LiquidSonics Seventh Heaven reverb is a plugin reproduction of the Bricasti M7 hardware unit. The company is known for their superior convolution modeling, which Seventh Heaven has in spades!
Seventh Heaven Reverb: A Convolution Masterpiece
Convolution digitally simulates an actual physical space. It works by taking an impulse response of a space and using it to generate a digital recreation. The result is one of the most natural sounding reverbs you can get.
As in-the-box recording and mixing became more and more viable in the early 2000s, convolution reverb plugins started becoming available. At the time, however, they were extremely CPU-heavy and still miles behind hardware studio reverb units.
Today, processing power is much less an issue. Still, though, most popular reverbs are algorithmic rather than convolution — enter Seventh Heaven reverb by LiquidSonics!
Convolution vs. Algorithmic Reverb
We mentioned that convolution reverb uses an impulse response (IR) to create reverb. An impulse response is just a digital snapshot of what happens to a signal when it goes through a ‘system.’ In convolution, the ‘system’ is the acoustic space.
You can take an IR of both real environments and electronic hardware reverb units. The biggest advantage of convolution reverb is its accuracy and naturalness. The downside is that it requires a lot of processing power.
Algorithmic reverb creates echoes using mathematical algorithms to simulate the delays that occur in natural reverb. They don’t sound as natural as convolution reverbs, but they don’t take nearly as much CPU power.
- Related: 5 Quick Reverb Mixing Tricks
LiquidSonics founder Matt Hill saw a huge hole in the software reverb market of the early ’00s. He didn’t have a good one to use, so he chose to create his own low-latency convolution reverb for his final year dissertation in college.
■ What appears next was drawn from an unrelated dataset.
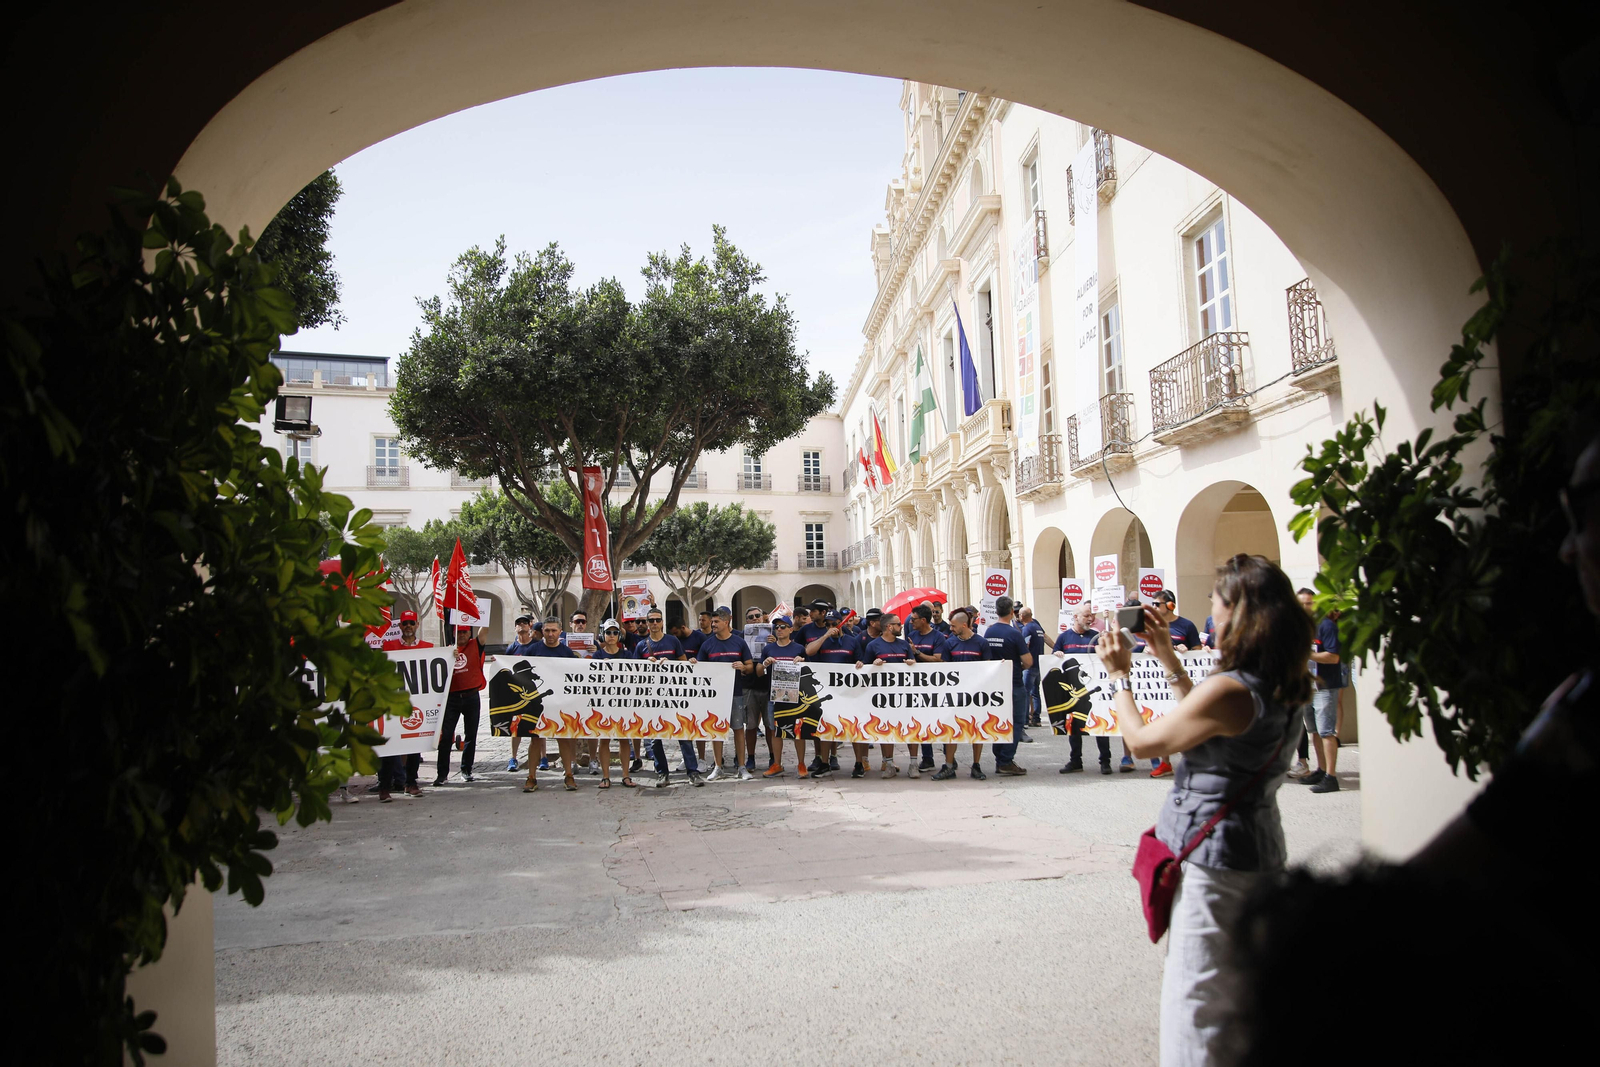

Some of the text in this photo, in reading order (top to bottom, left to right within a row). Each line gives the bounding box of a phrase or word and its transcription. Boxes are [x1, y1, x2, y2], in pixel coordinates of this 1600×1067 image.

This gave him the basis of a great sounding reverb — as good as anything else available at the time.
Matt Hill worked in aerospace for a time before returning to develop the best convolution reverb he could. Reverberate 1 was the first. This then led to creating Fusion-IR; this was his proprietary way to create convolution reverbs that have organic modeling characteristics. This technology debuted in Reverberate 2, later being licensed for Slate Digital’s VerbSuite Classics.
Currently, LiquidSonics is one of the most respected names in convolution modeling used by top professionals in music and post-production.
Seventh Heaven Reverb
Seventh Heaven reverb is the most faithful plugin emulation of the Bricasti M7 hardware reverb unit. For years, plugin developers tried and failed to capture the sonic excellence of the Bricasti. The M7 contains the world’s most realistic simulations of rooms, spaces, and plates. From tight, realistic interiors, chambers, and studios, to lush outdoor expanses, cathedrals, and halls, the M7 can do it all. This is part of the challenge in designing a plugin with the same capabilities.
Seventh Heaven Professional reverb combines the best of the algorithmic and convolution worlds. It has the flexibility of algorithmic reverbs which allow you to perfect the acoustics of a space, and retains the organic, lively vibe of a quality convolution reverb.
As an M7 emulation, it contains over 200 of the exact same presets found in the hardware unit. It’s also very user-friendly with a straightforward interface. For most users, simply loading up a one of the hundreds of presets with no tweaking gives a fantastic, totally usable reverb for the mix.
Of course, you can dive headfirst into complex editing abilities with Seventh Heaven reverb. One really cool feature is being able to sync pre-delay to your DAW tempo. Also, for the first time ever in a convolution reverb, you can modify the early reflection patterns, specify full-bandwidth roll-off positions, and set three frequency dependent decay times.